Financial services are shifting away from banks in the euro zone to the so-called 'shadow banking' sector, requiring fresh rules across a range of areas to mitigate risk, European Central Bank President Mario Draghi has said.
With traditional lenders suffering from weak profitability and stringent regulation, activity is shifting from banks to financial intermediaries.
These intermediaries are not subject to traditional bank regulation and are not covered by usual deposit insurance schemes.
"As financial intermediation continues to shift from banks to non-banks, we need to adapt our policy framework," Draghi said in his capacity as the head of the European Systemic Risk boars.
"We need to identify migrating risks and develop tools to mitigate them," the ECB chief stated.
Draghi said that rising liquidity mismatches, especially among some bond funds is a particular concern as the share of non-liquid assets is rising rapidly.
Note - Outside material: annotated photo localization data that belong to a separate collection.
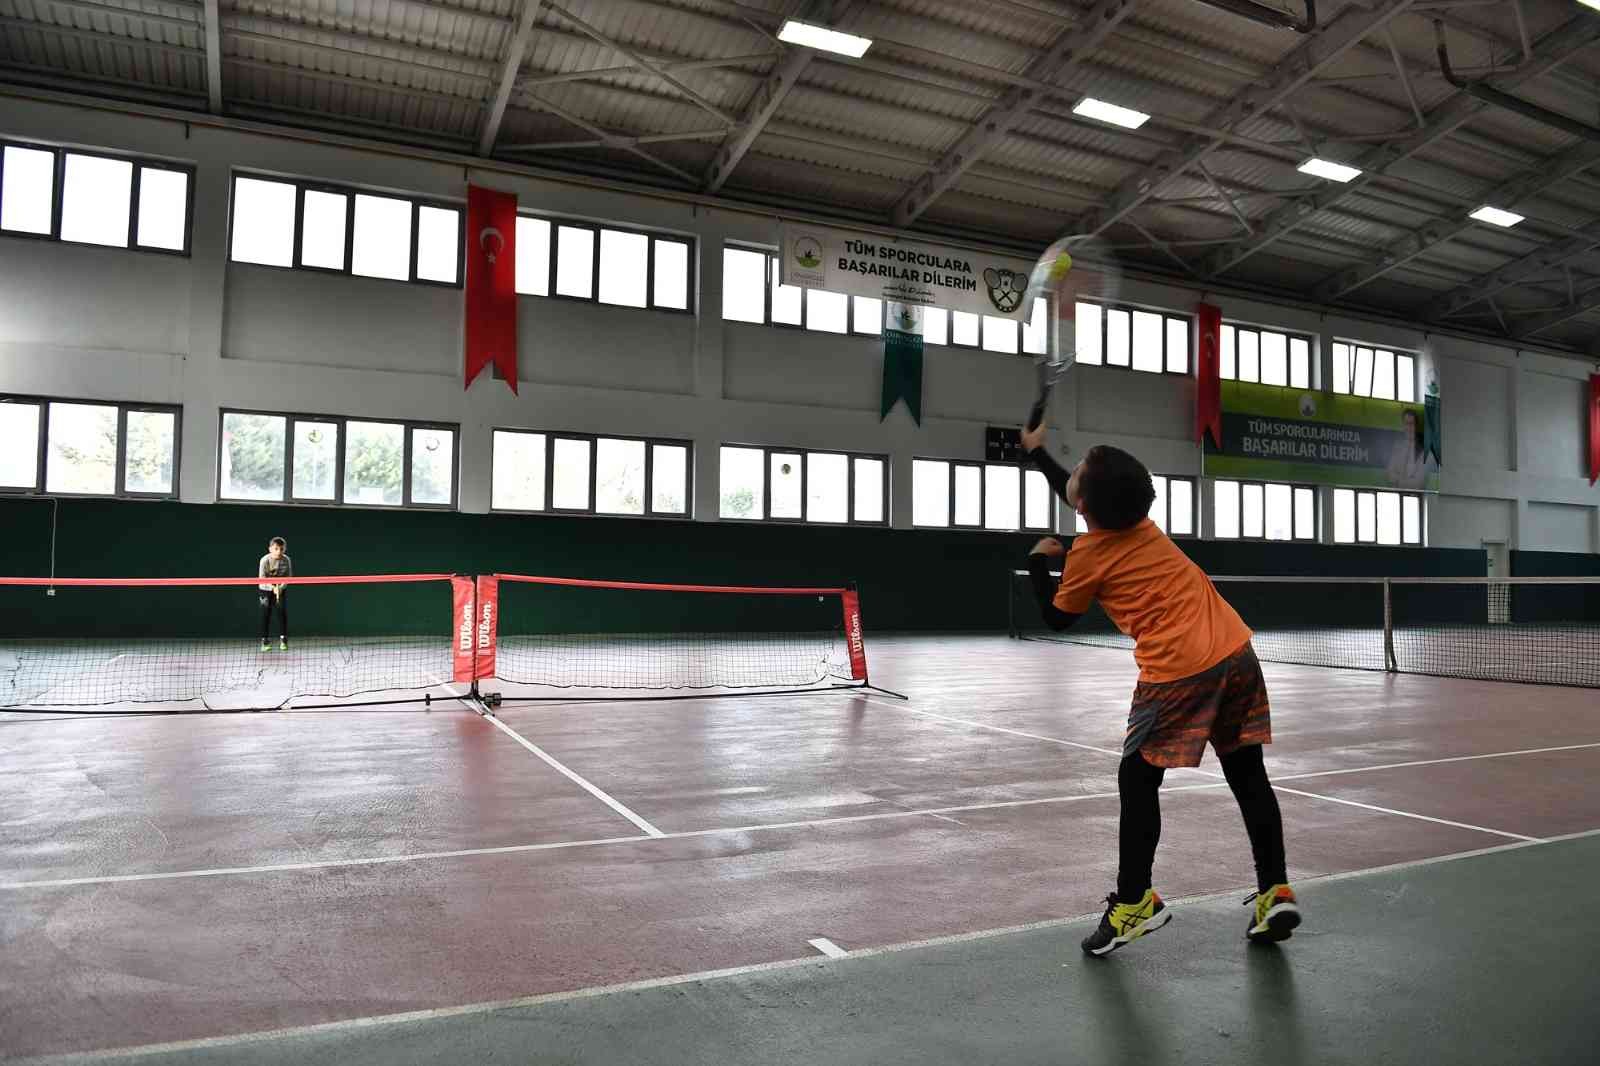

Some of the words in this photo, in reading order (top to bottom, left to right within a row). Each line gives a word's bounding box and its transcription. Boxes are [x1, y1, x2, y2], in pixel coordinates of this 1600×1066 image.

[845, 240, 875, 257] TÜM
[879, 247, 972, 273] SPORCULARA
[838, 258, 919, 282] BAŞARILAR
[923, 271, 976, 291] DİLERİM
[1242, 437, 1317, 457] BAŞARILAR
[1320, 443, 1369, 462] DİLERİM
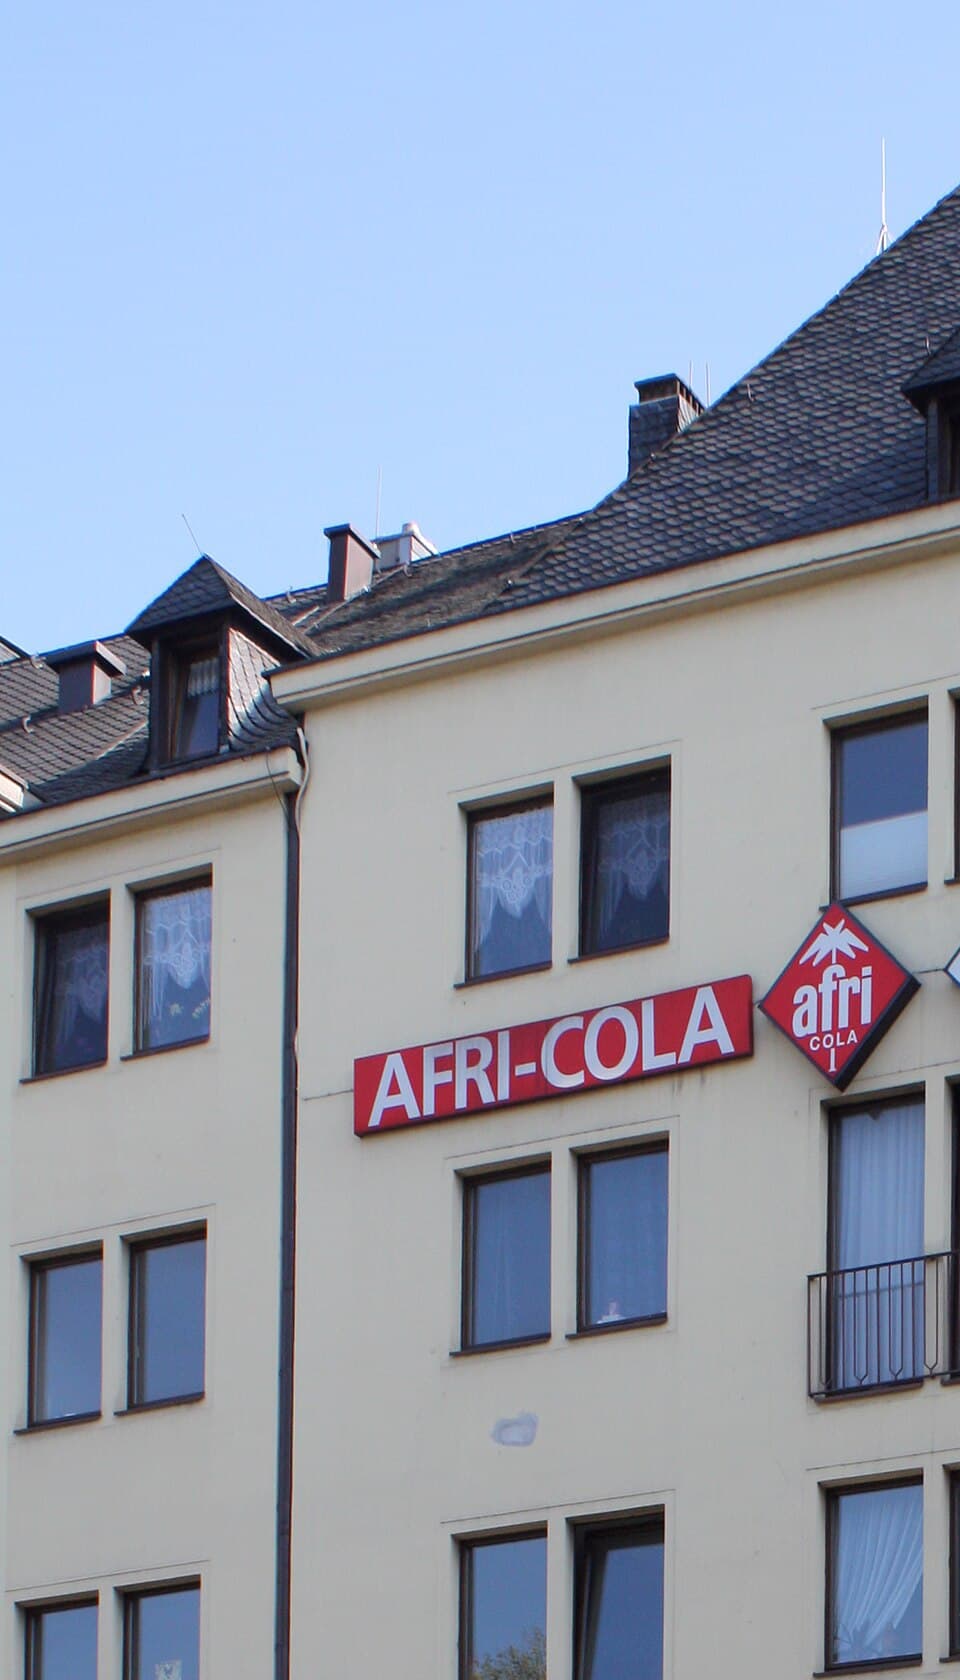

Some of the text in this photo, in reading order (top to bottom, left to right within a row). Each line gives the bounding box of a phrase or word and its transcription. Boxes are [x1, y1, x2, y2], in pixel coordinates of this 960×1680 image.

[792, 964, 872, 1038] afri
[367, 986, 736, 1127] AFRI-COLA
[809, 1029, 858, 1051] COLA
Changes in the derivatives market, possibly a central clearing obligation, could also be required.
"The ESRB believes that the smooth functioning and systemic resilience of derivatives markets can be improved by requiring standardised over-the-counter contracts to be centrally cleared and traded on exchanges or electronic trading platforms," Draghi added.
Another policy under consideration is the macroprudential use of margin and haircut requirements on certain financial products.
"Setting margins and haircuts in a conservative or countercyclical manner may help to contain the excessive build-up of leverage," Draghi said.
"In addition to 'leaning against the wind', margin and haircut requirements can also improve financial stability by mitigating illiquidity spirals.
Draghi also dismissed arguments that the ECB's ultra low interest rates are the key profitability hurdle for banks, arguing that overcapacity in the sector and inefficiency were key issues.
"Overcapacity in some national banking sectors, and the ensuing intensity of competition, exacerbates this squeeze on margins," Draghi said.
"Such over-capacity also means the sector does not operate at the efficient frontier, which is one reason why cost-to-income ratios remain high in some countries," he added.